Technocensorship: When Corporations Serve As a Front for Government Censors

• By John & Nisha Whitehead

"Once a government is committed to the principle of silencing the voice of opposition, it has only one way to go, and that is down the path of increasingly repressive measures, until it becomes a source of terror to all its citizens and creates a country where everyone lives in fear. We must, therefore, be on our guard against extremists who urge us to adopt police state measures. Such persons advocate breaking down the guarantees of the Bill of Rights in order to get at the communists.
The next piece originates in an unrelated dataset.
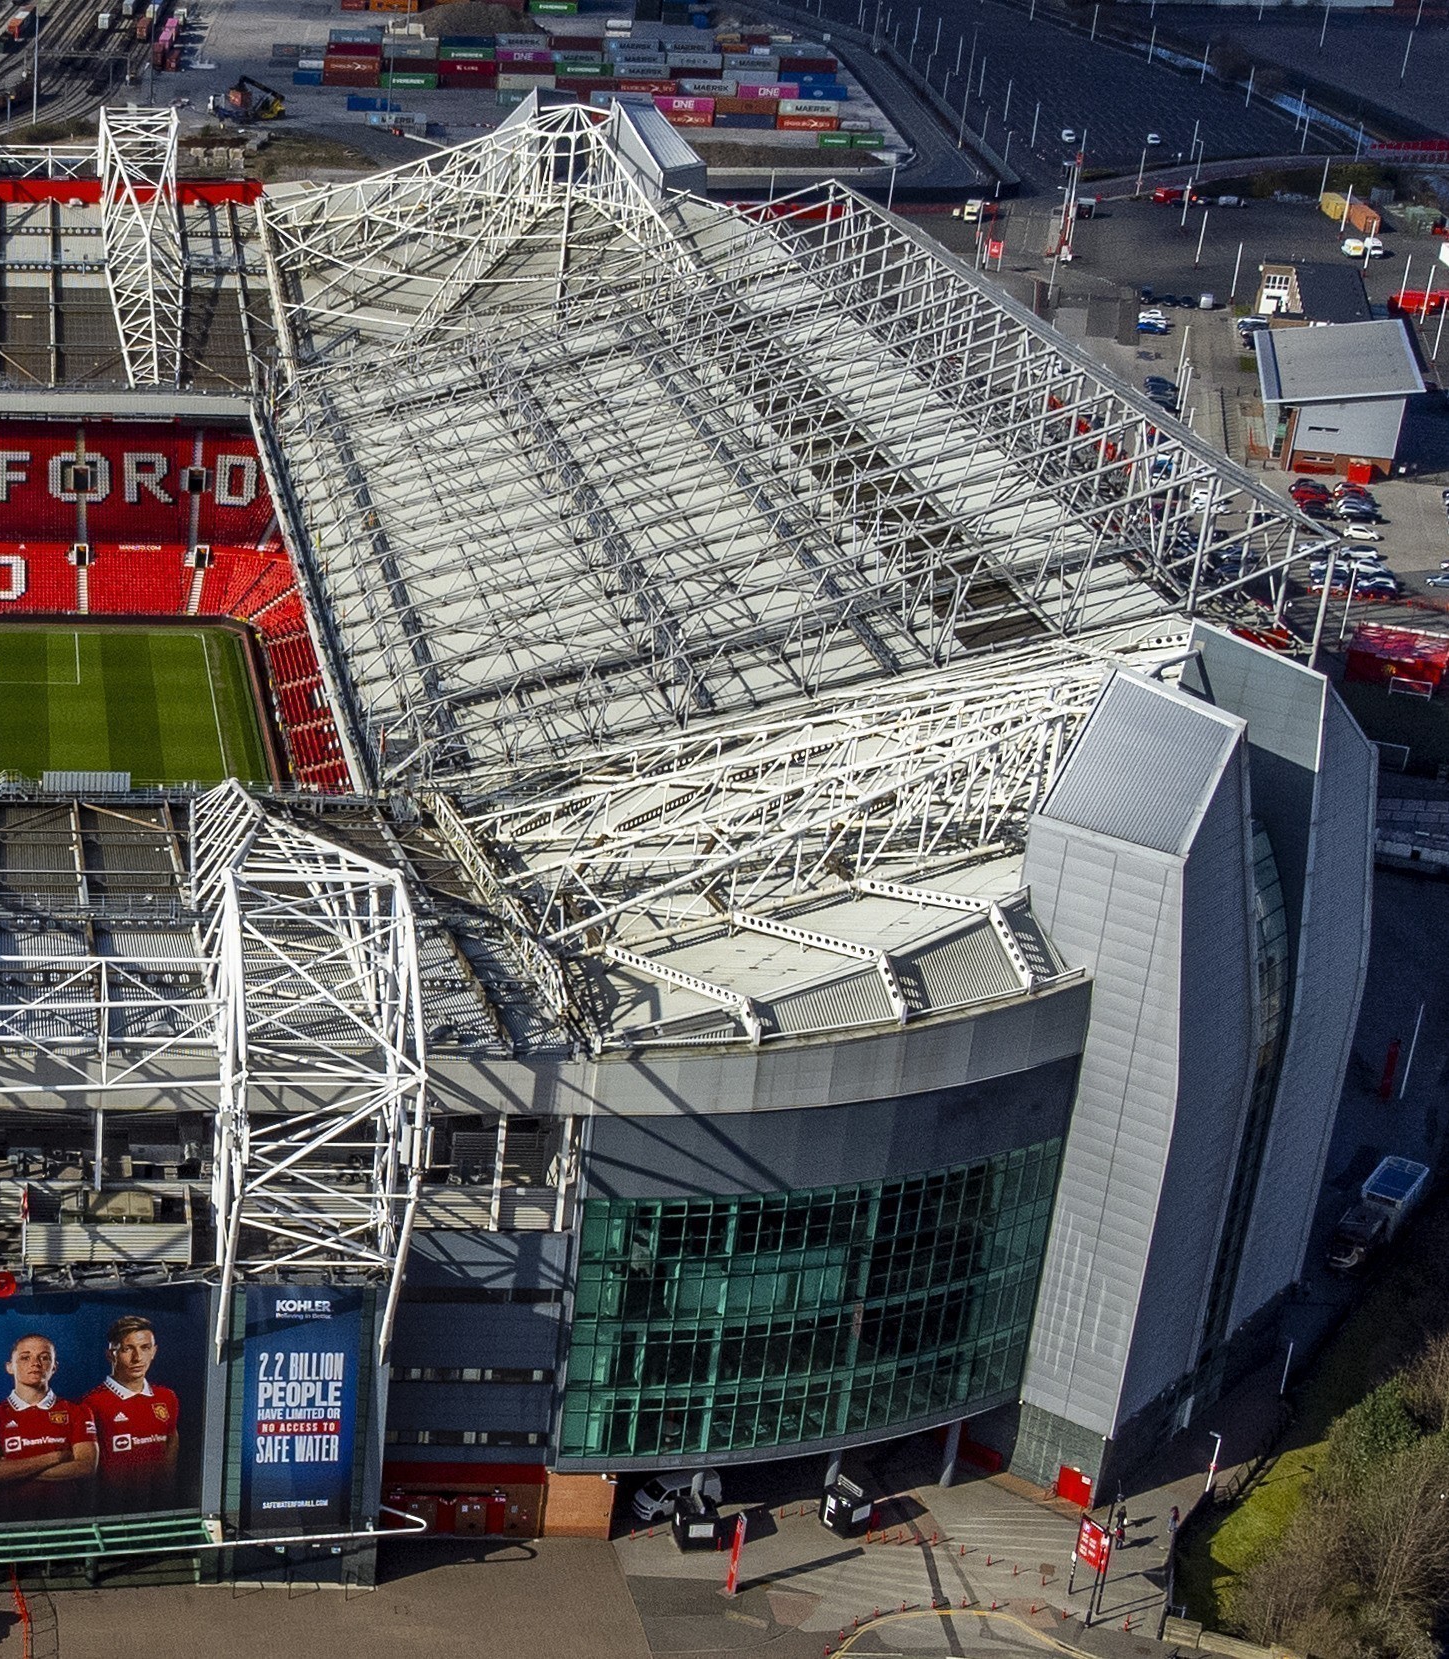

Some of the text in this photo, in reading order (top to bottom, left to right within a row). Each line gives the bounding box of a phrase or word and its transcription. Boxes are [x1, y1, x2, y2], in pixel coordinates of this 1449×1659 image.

They forget that if the Bill of Rights were to be broken down, all groups, even the most conservative, would be in danger from the arbitrary power of government."—Harry S. Truman, Special Message to the Congress on the Internal Security of the United States (August 8, 1950)

Nothing good can come from allowing the government to sidestep the Constitution.

Unfortunately, the government has become an expert at disregarding constitutional roadblocks intended to protect the rights of the citizenry.

When these end-runs don't suffice, the government hides behind the covert, clandestine, classified language of national security; or obfuscates, complicates, stymies, and bamboozles; or creates manufactured diversions to keep the citizenry in the dark; or works through private third parties not traditionally bound by the Constitution.

This last tactic is increasingly how the government gets away with butchering our freedoms, by having its corporate partners serve as a front for its nefarious deeds.

This is how the police state has managed to carry out an illegal secret dragnet surveillance program on the American people over the course of multiple presidential administrations.

Relying on a set of privacy loopholes, the White House (under Presidents Obama, Trump and now Biden) has been sidestepping the Fourth Amendment by paying AT&T to allow federal, state, and local law enforcement to access—without a warrant—the phone records of Americans who are not suspected of a crime.

The government used a similar playbook to get around the First Amendment, packaged as an effort to control the spread of speculative or false information in the name of national security.